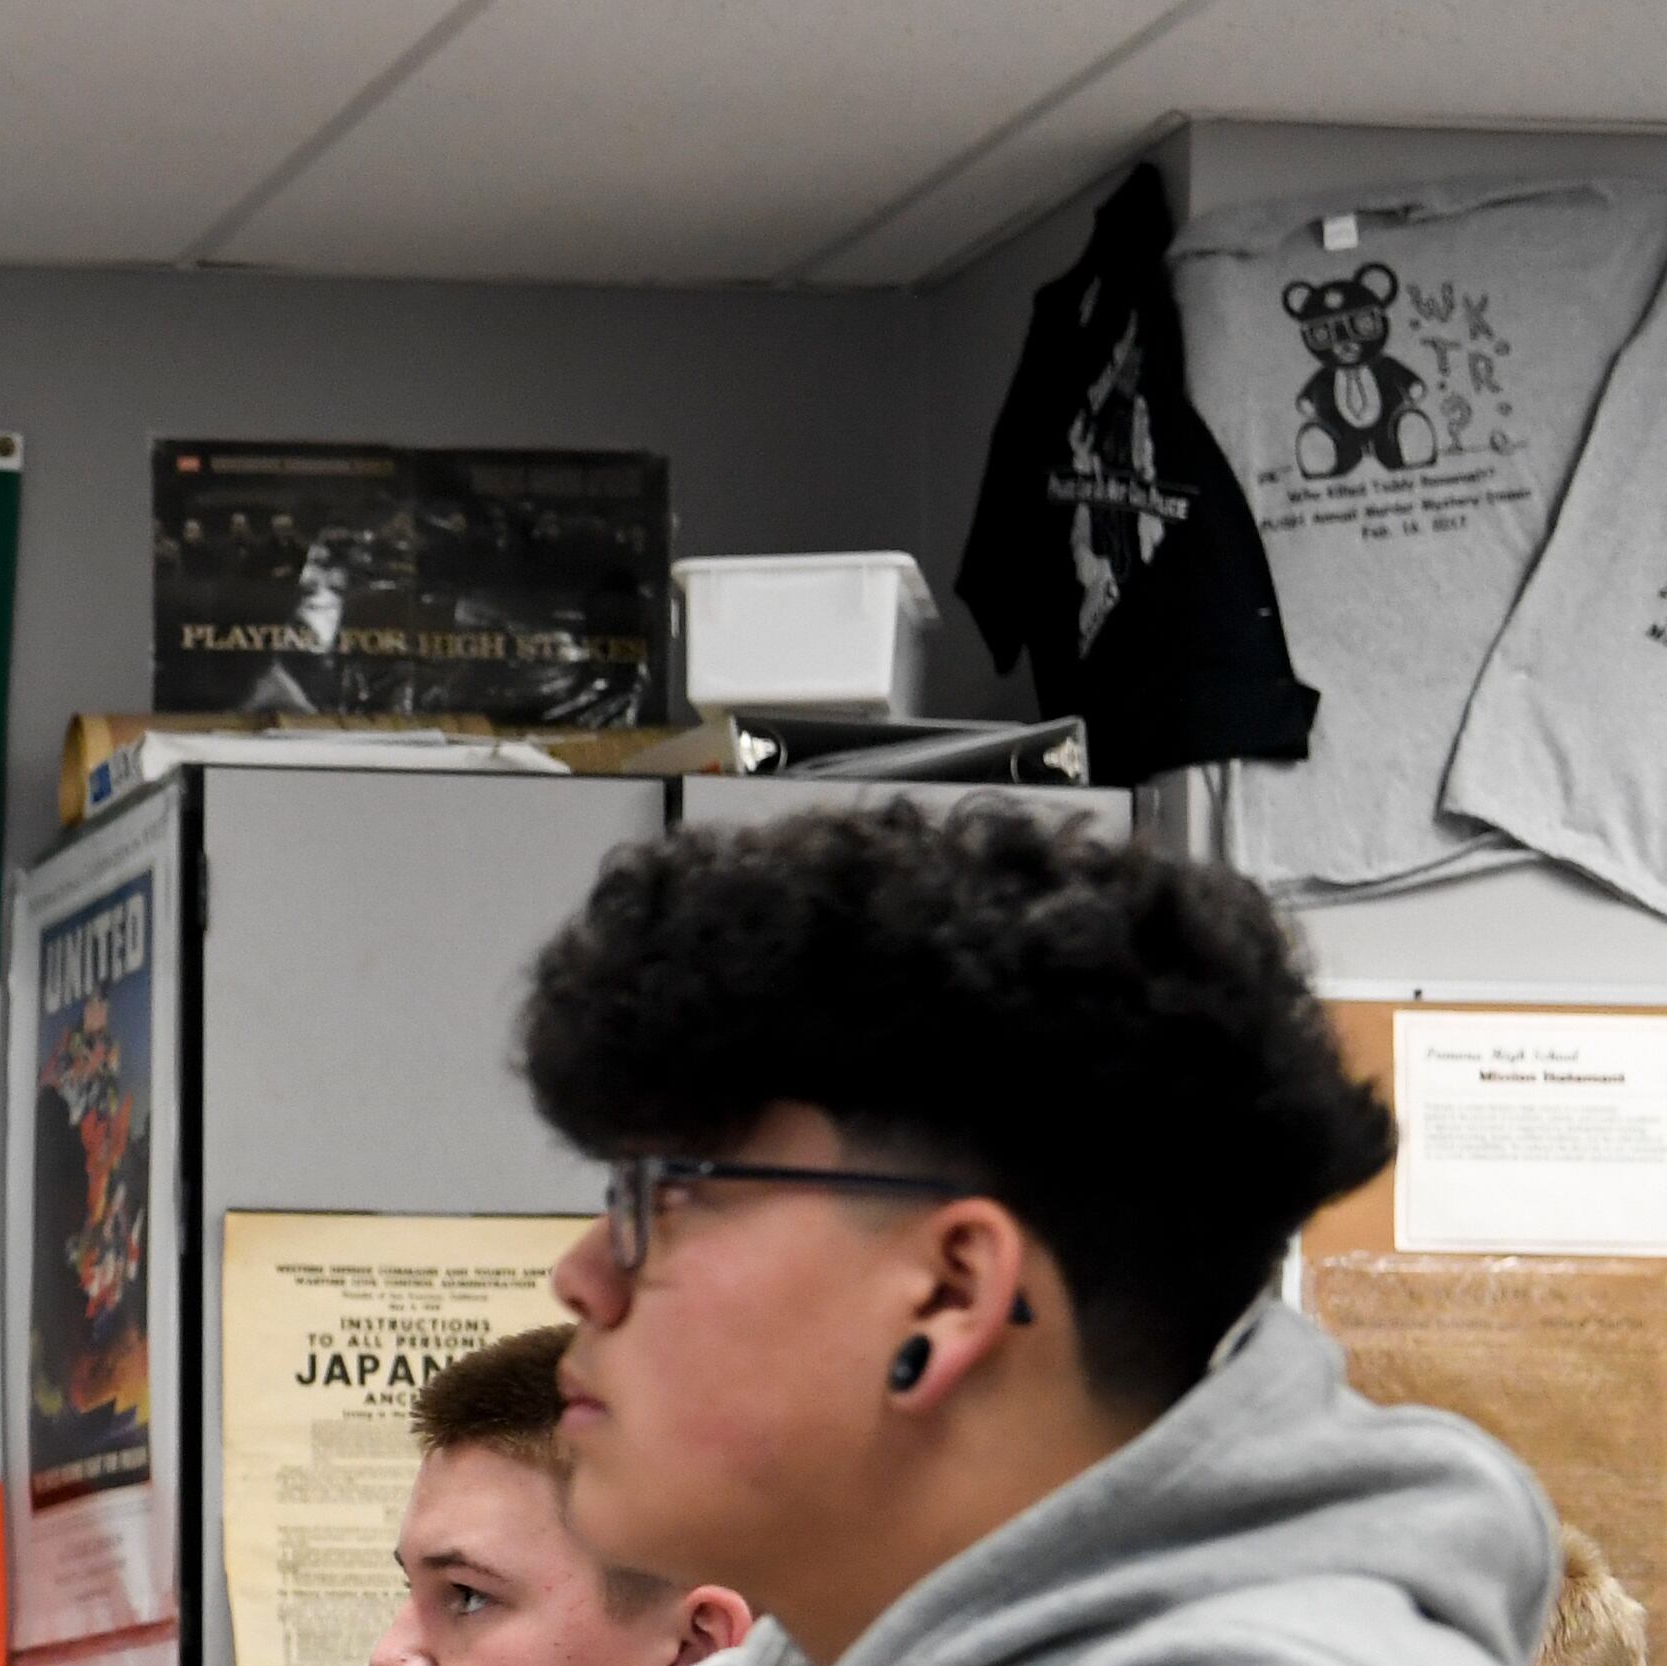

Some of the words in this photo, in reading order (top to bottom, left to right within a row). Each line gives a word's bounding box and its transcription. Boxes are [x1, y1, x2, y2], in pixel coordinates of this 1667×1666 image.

[339, 627, 408, 656] FOR
[417, 630, 506, 661] HIGH
[44, 892, 145, 1014] UNITED
[308, 1333, 334, 1349] TO
[347, 1333, 382, 1349] ALL
[395, 1333, 487, 1349] PERSONS
[340, 1316, 491, 1333] INSTRUCTIONS
[295, 1353, 455, 1387] JAPAN
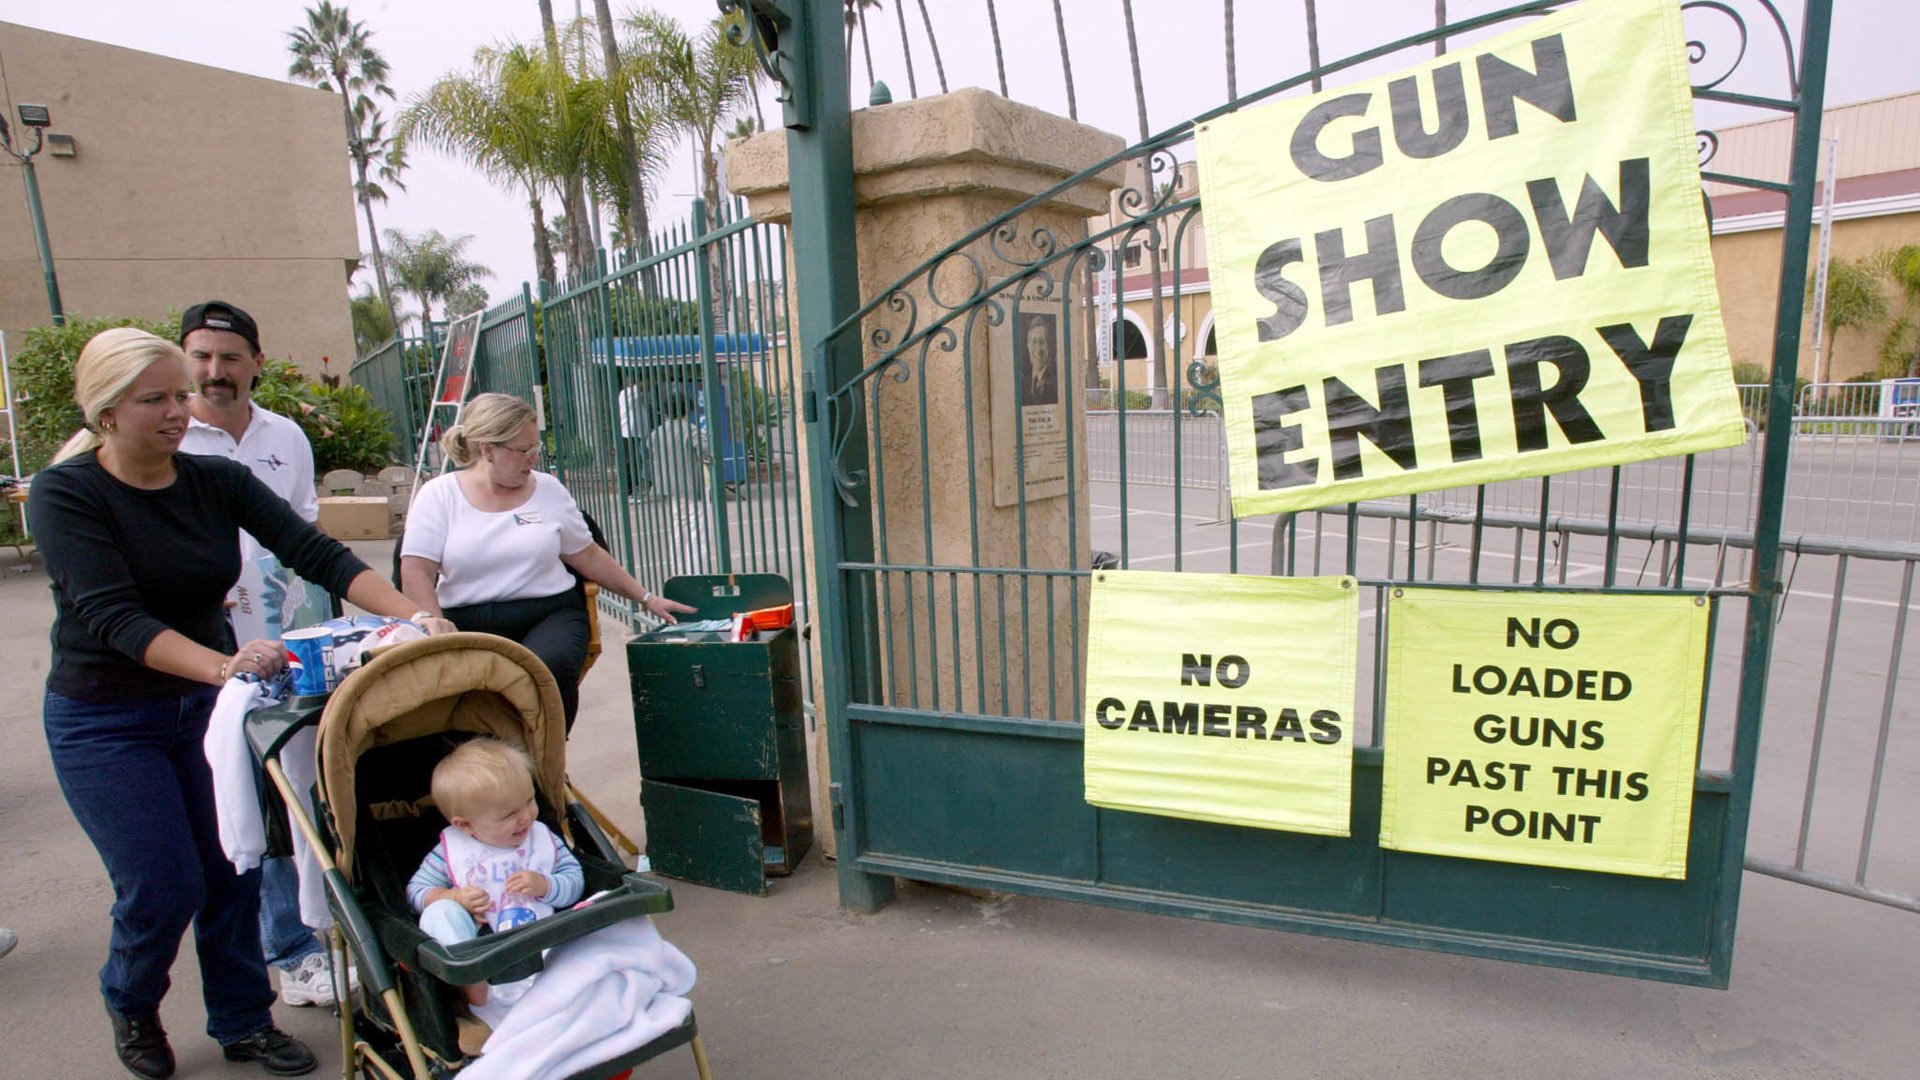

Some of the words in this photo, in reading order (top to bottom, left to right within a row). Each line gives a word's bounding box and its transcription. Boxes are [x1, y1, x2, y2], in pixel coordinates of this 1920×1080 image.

[1290, 34, 1577, 182] GUN
[1255, 158, 1650, 342] SHOW
[1251, 314, 1694, 490] ENTRY
[1507, 617, 1580, 649] NO
[321, 647, 336, 692] EPSI
[1181, 654, 1250, 689] NO
[1452, 664, 1632, 701] LOADED
[1096, 698, 1342, 745] CAMERAS
[1474, 714, 1605, 750] GUNS
[1427, 757, 1531, 791] PAST
[1553, 767, 1649, 801] THIS
[1465, 805, 1601, 843] POINT
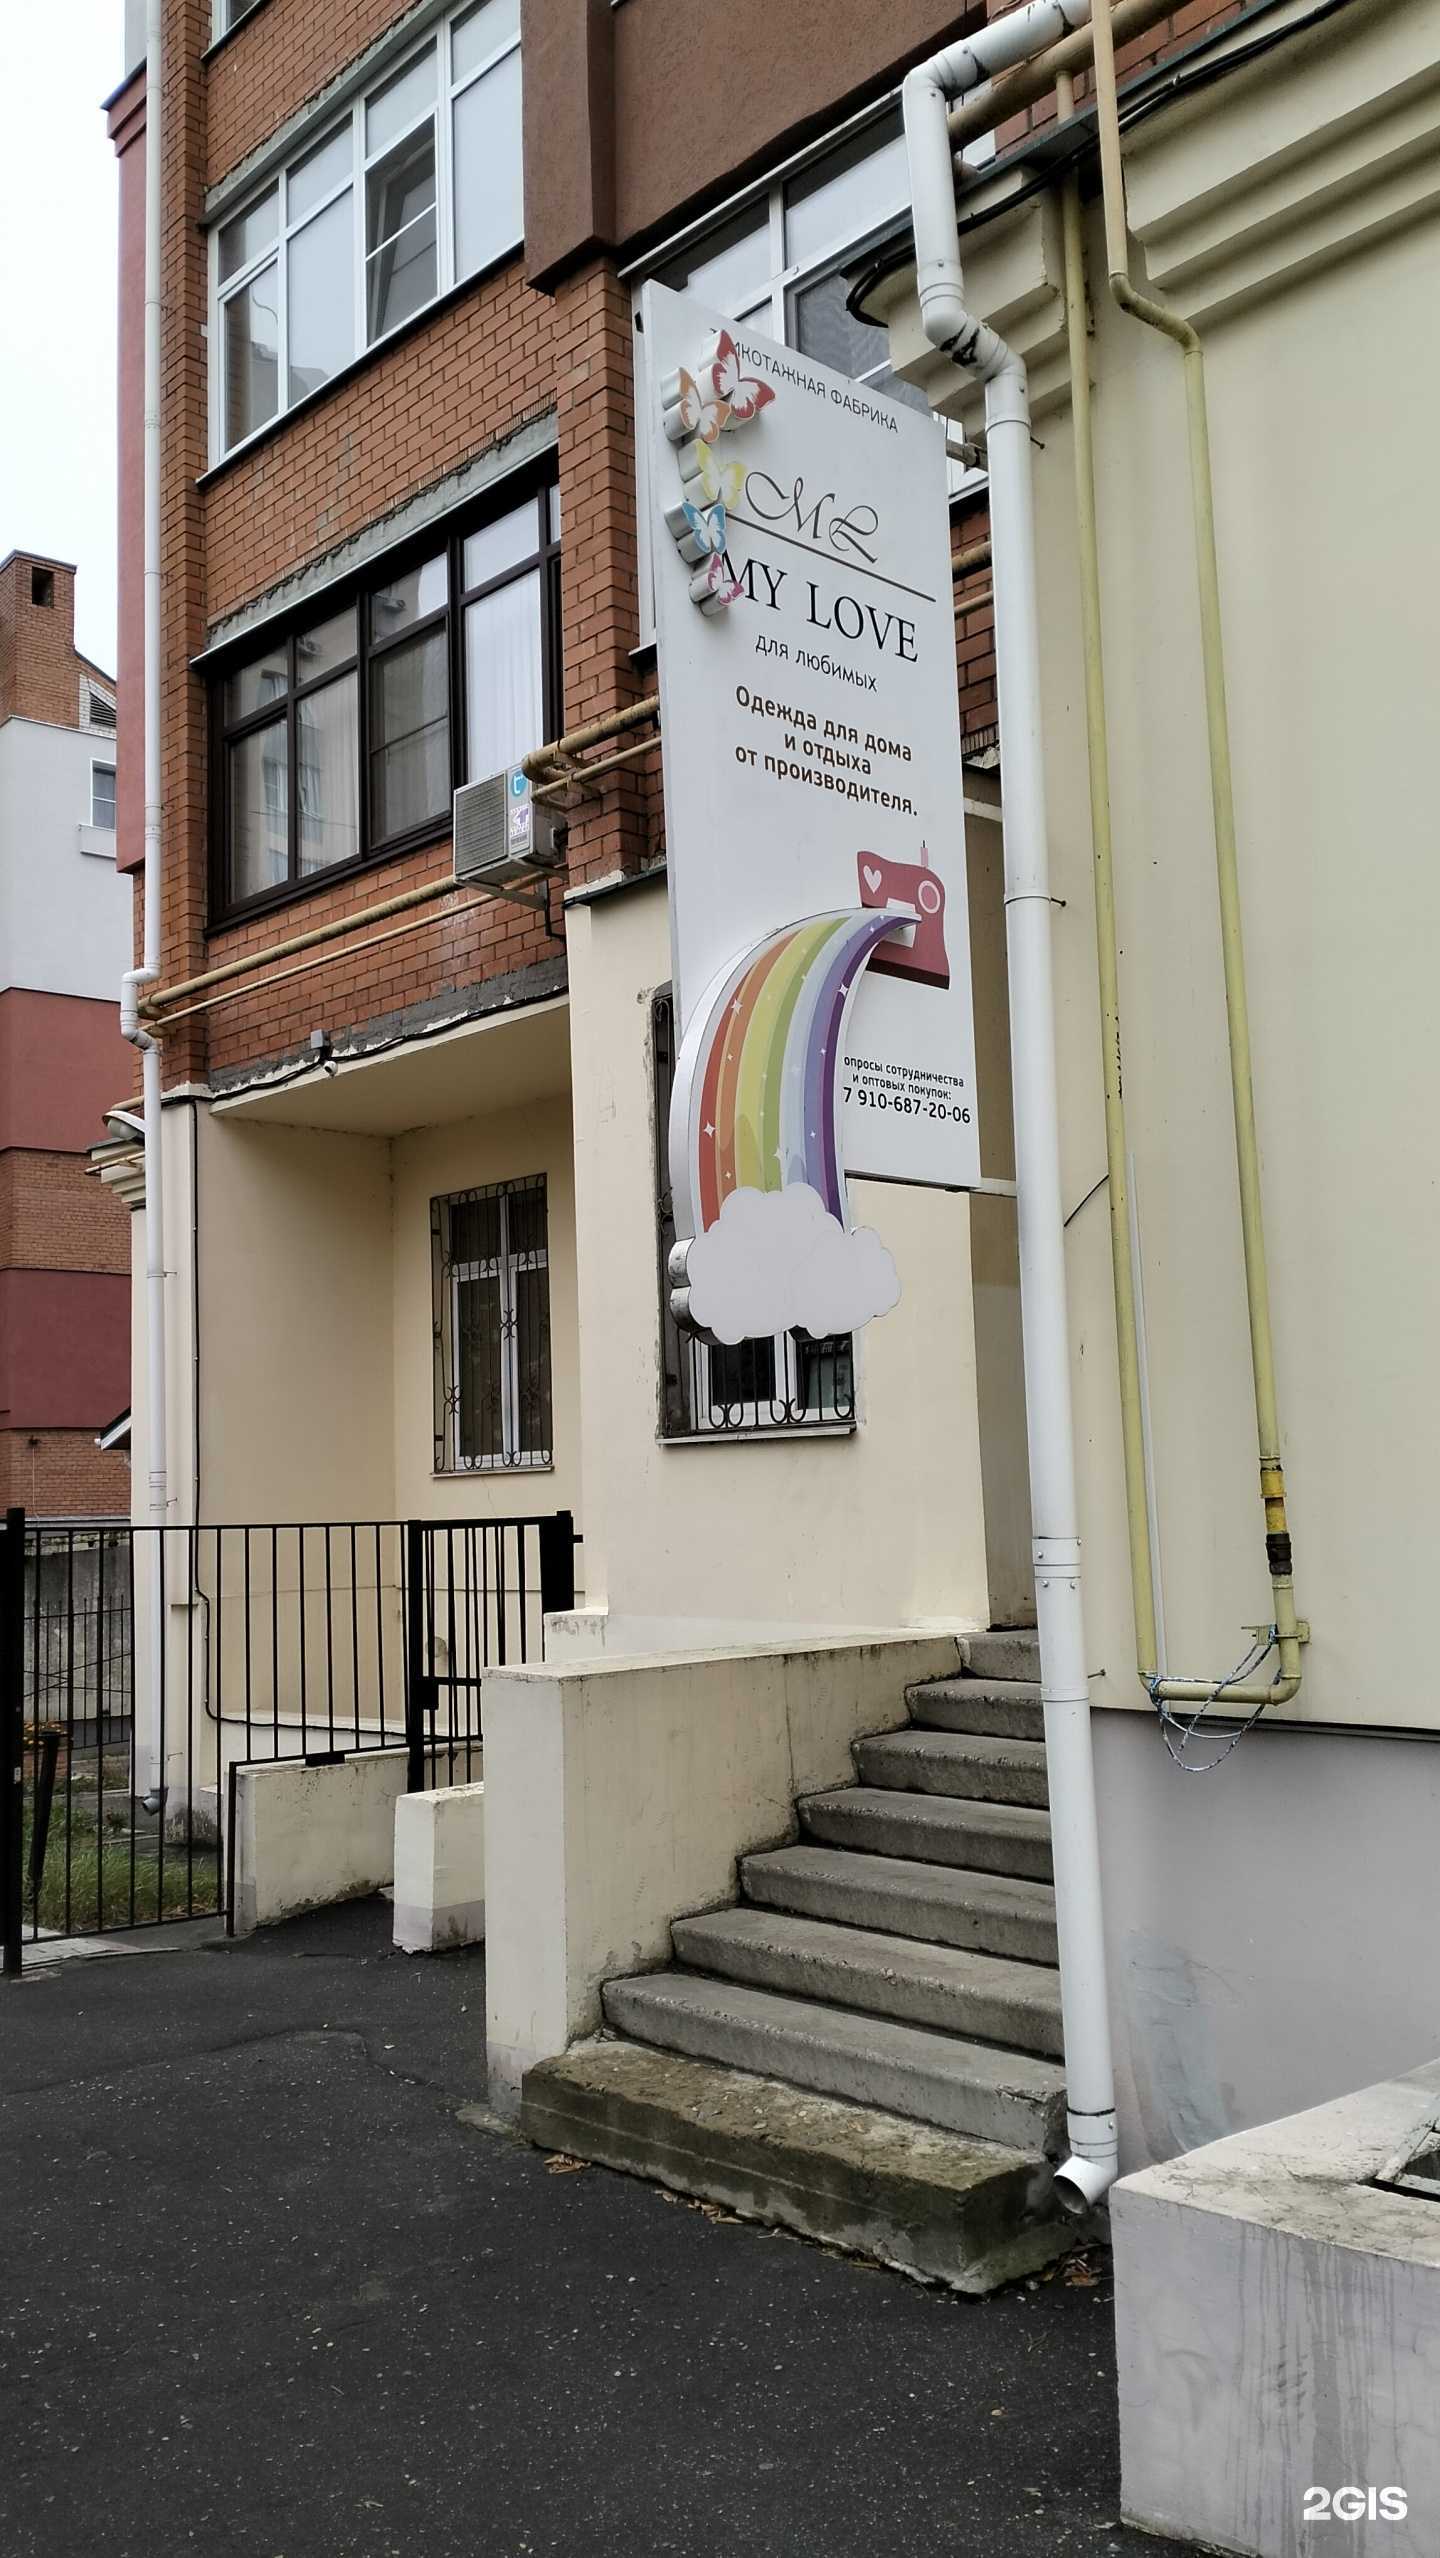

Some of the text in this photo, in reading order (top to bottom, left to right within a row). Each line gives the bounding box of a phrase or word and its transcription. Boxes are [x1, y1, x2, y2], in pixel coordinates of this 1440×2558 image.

[831, 389, 898, 432] ФАБРИКА
[721, 550, 919, 662] MY LOVE
[755, 635, 878, 692] для любимых
[735, 686, 912, 761] Одежда для дома
[784, 734, 872, 774] и отдыха
[735, 746, 918, 816] от производителя.
[844, 1056, 964, 1087] опросы сотрудничества
[853, 1074, 952, 1100] и оптовых покупок:
[843, 1087, 970, 1123] 7 910-687-20-06

════

Problem requirements » Only the text of the listing above is copied, exactly as written; its pictures are dropped.

Your solution »
Some of the words in this photo, in reading order (top to bottom, left to right within a row). Each line gives a word's bounding box and its transcription. Boxes are [x1, y1, x2, y2], in pixel coordinates of this 1667×1666 image.

[339, 627, 408, 656] FOR
[417, 630, 506, 661] HIGH
[44, 892, 145, 1014] UNITED
[308, 1333, 334, 1349] TO
[347, 1333, 382, 1349] ALL
[395, 1333, 487, 1349] PERSONS
[340, 1316, 491, 1333] INSTRUCTIONS
[295, 1353, 455, 1387] JAPAN

Some of the words in this photo, in reading order (top to bottom, left to right within a row). Each line gives a word's bounding box and its transcription. Boxes are [x1, y1, x2, y2], in pixel coordinates of this 1920×1080 image.

[1290, 34, 1577, 182] GUN
[1255, 158, 1650, 342] SHOW
[1251, 314, 1694, 490] ENTRY
[1507, 617, 1580, 649] NO
[321, 647, 336, 692] EPSI
[1181, 654, 1250, 689] NO
[1452, 664, 1632, 701] LOADED
[1096, 698, 1342, 745] CAMERAS
[1474, 714, 1605, 750] GUNS
[1427, 757, 1531, 791] PAST
[1553, 767, 1649, 801] THIS
[1465, 805, 1601, 843] POINT

Some of the text in this photo, in reading order (top to bottom, left to right within a row). Each line gives the bounding box of a phrase or word and its transcription. Boxes are [x1, y1, x2, y2], in pixel coordinates of this 1440×2558 image.

[831, 389, 898, 432] ФАБРИКА
[721, 550, 919, 662] MY LOVE
[755, 635, 878, 692] для любимых
[735, 686, 912, 761] Одежда для дома
[784, 734, 872, 774] и отдыха
[735, 746, 918, 816] от производителя.
[844, 1056, 964, 1087] опросы сотрудничества
[853, 1074, 952, 1100] и оптовых покупок:
[843, 1087, 970, 1123] 7 910-687-20-06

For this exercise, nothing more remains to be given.